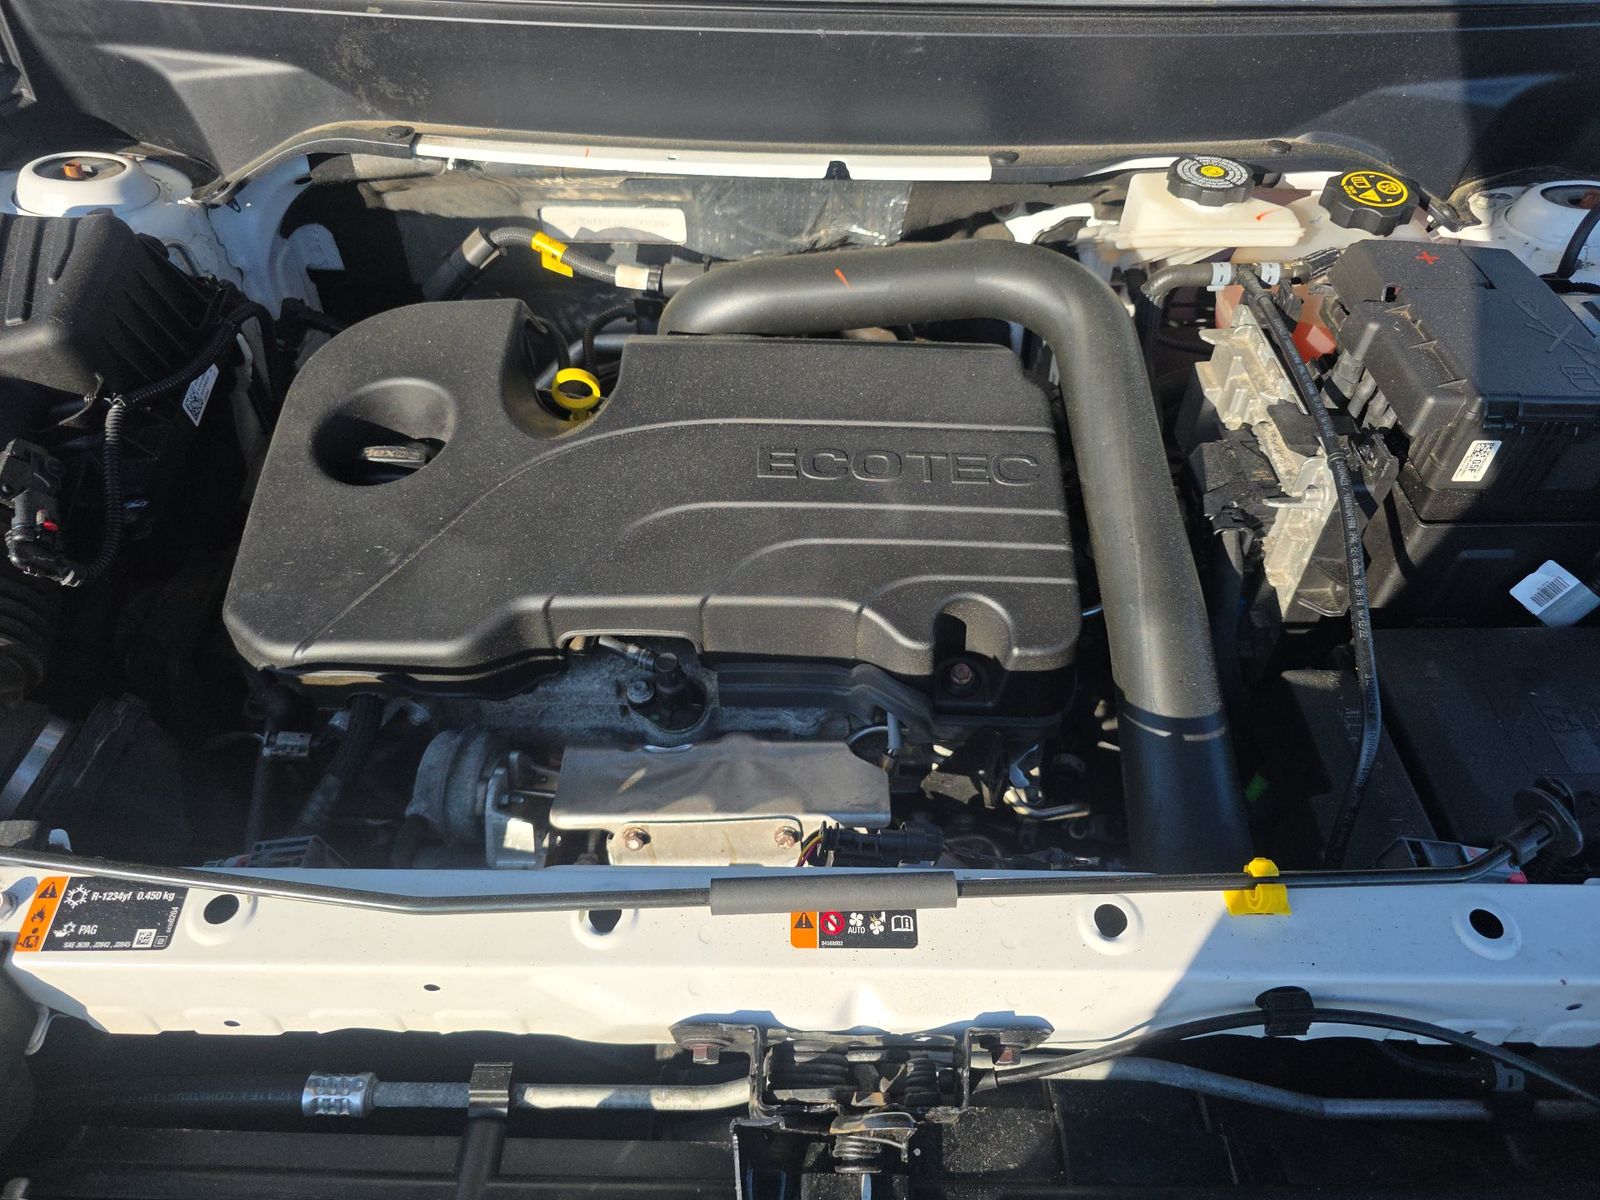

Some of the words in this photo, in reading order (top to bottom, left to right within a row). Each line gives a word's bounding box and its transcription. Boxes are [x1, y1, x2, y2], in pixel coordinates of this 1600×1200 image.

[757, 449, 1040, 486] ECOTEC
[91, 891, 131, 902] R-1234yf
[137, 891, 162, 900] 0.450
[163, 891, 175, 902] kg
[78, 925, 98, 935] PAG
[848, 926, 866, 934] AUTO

== == ==

Task goal = Restate the entries verbatim and exclude any pictures.

Result =
Some of the words in this photo, in reading order (top to bottom, left to right within a row). Each line gives a word's bounding box and its transcription. Boxes are [x1, y1, x2, y2], in pixel coordinates of this 1600×1200 image.

[757, 449, 1040, 486] ECOTEC
[91, 891, 131, 902] R-1234yf
[137, 891, 162, 900] 0.450
[163, 891, 175, 902] kg
[78, 925, 98, 935] PAG
[848, 926, 866, 934] AUTO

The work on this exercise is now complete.